**Problem to solve**
In this exercise, return the whole listing exactly, excluding any images.

**Supplied records**

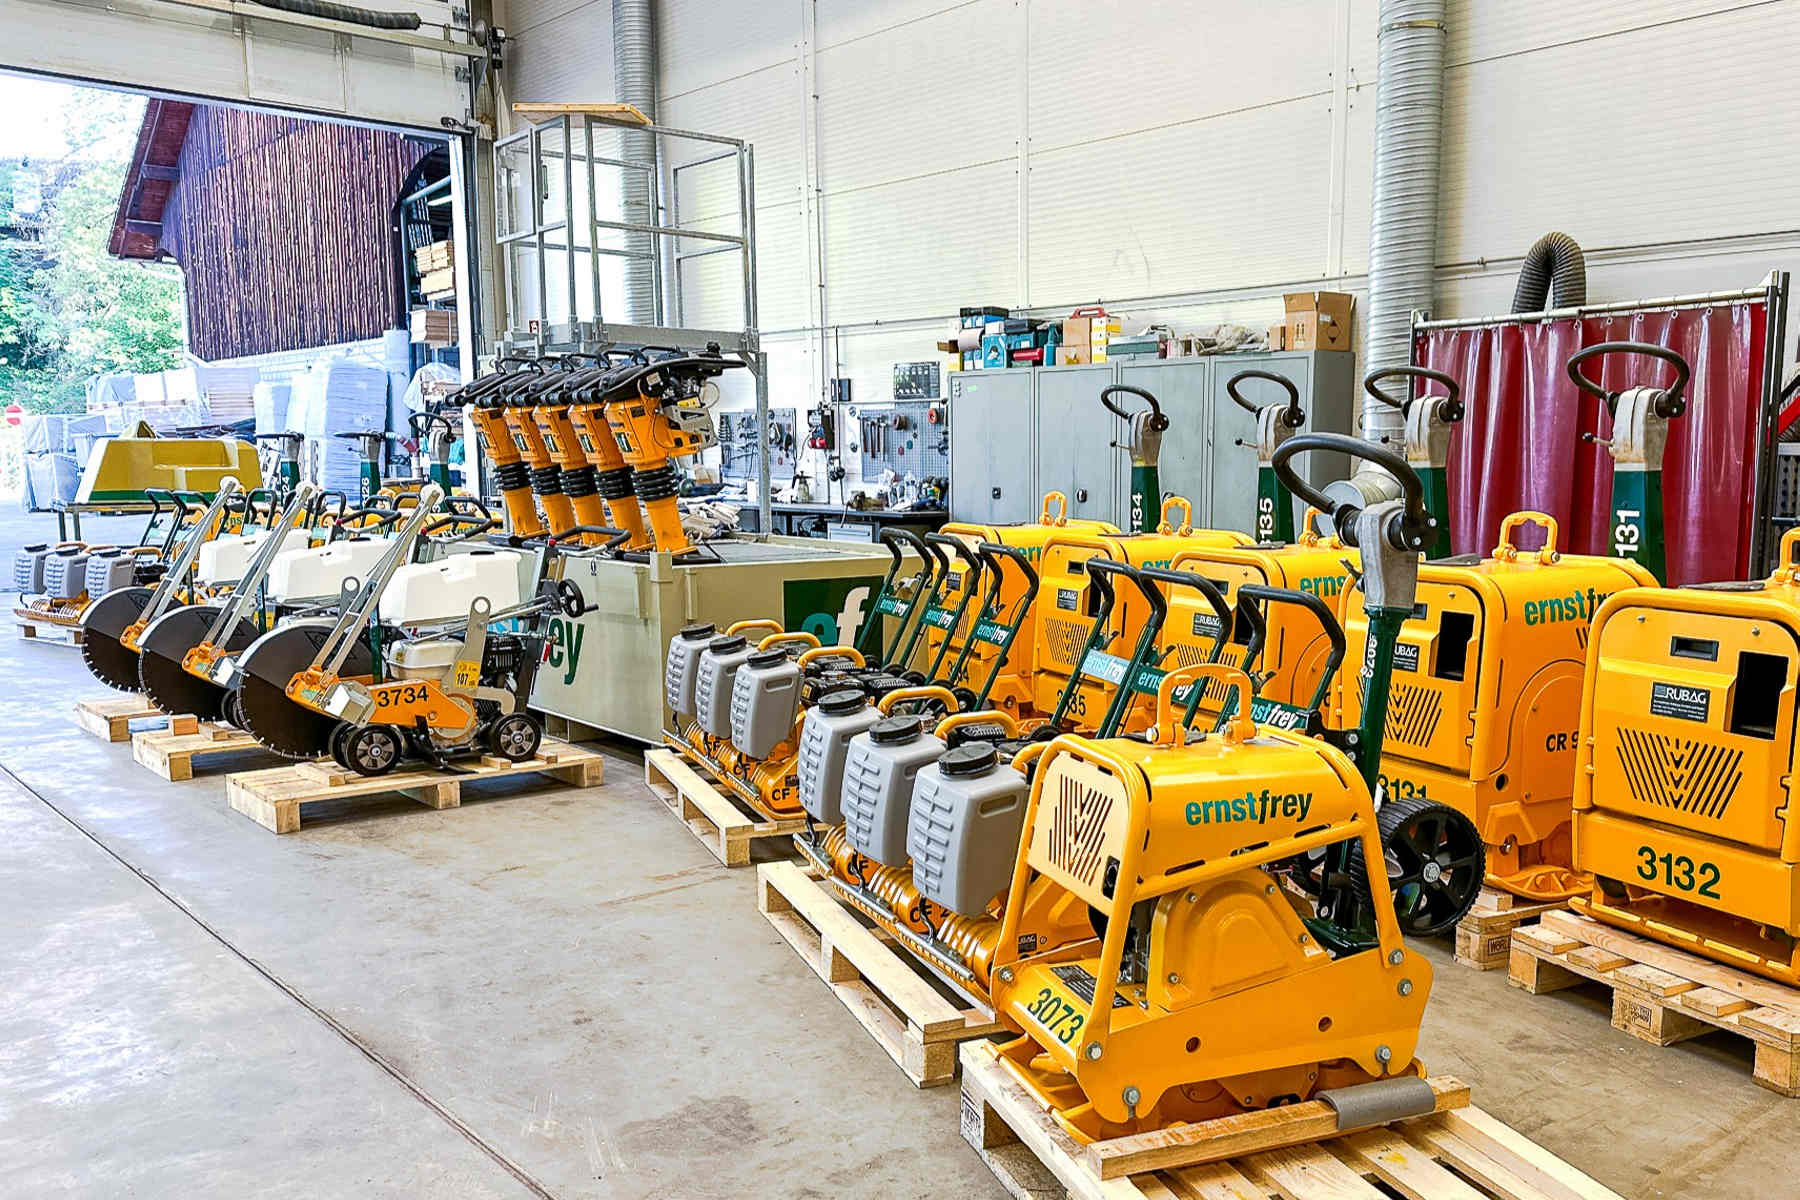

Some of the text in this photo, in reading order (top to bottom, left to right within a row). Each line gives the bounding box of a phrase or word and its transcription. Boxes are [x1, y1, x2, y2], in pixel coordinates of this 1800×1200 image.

[1524, 587, 1616, 626] ernstfr
[976, 623, 1009, 644] ernstfrey
[1394, 645, 1418, 657] UBAG
[377, 685, 429, 708] 3734
[1666, 687, 1707, 704] RUBAG
[1546, 732, 1568, 752] CR
[771, 787, 791, 801] CF
[1185, 788, 1313, 826] ernstfrey
[1636, 845, 1721, 900] 3132
[1027, 988, 1084, 1044] 3073

**Written response**
Some of the text in this photo, in reading order (top to bottom, left to right within a row). Each line gives the bounding box of a phrase or word and its transcription. Boxes are [x1, y1, x2, y2], in pixel coordinates of this 1800×1200 image.

[1524, 587, 1616, 626] ernstfr
[976, 623, 1009, 644] ernstfrey
[1394, 645, 1418, 657] UBAG
[377, 685, 429, 708] 3734
[1666, 687, 1707, 704] RUBAG
[1546, 732, 1568, 752] CR
[771, 787, 791, 801] CF
[1185, 788, 1313, 826] ernstfrey
[1636, 845, 1721, 900] 3132
[1027, 988, 1084, 1044] 3073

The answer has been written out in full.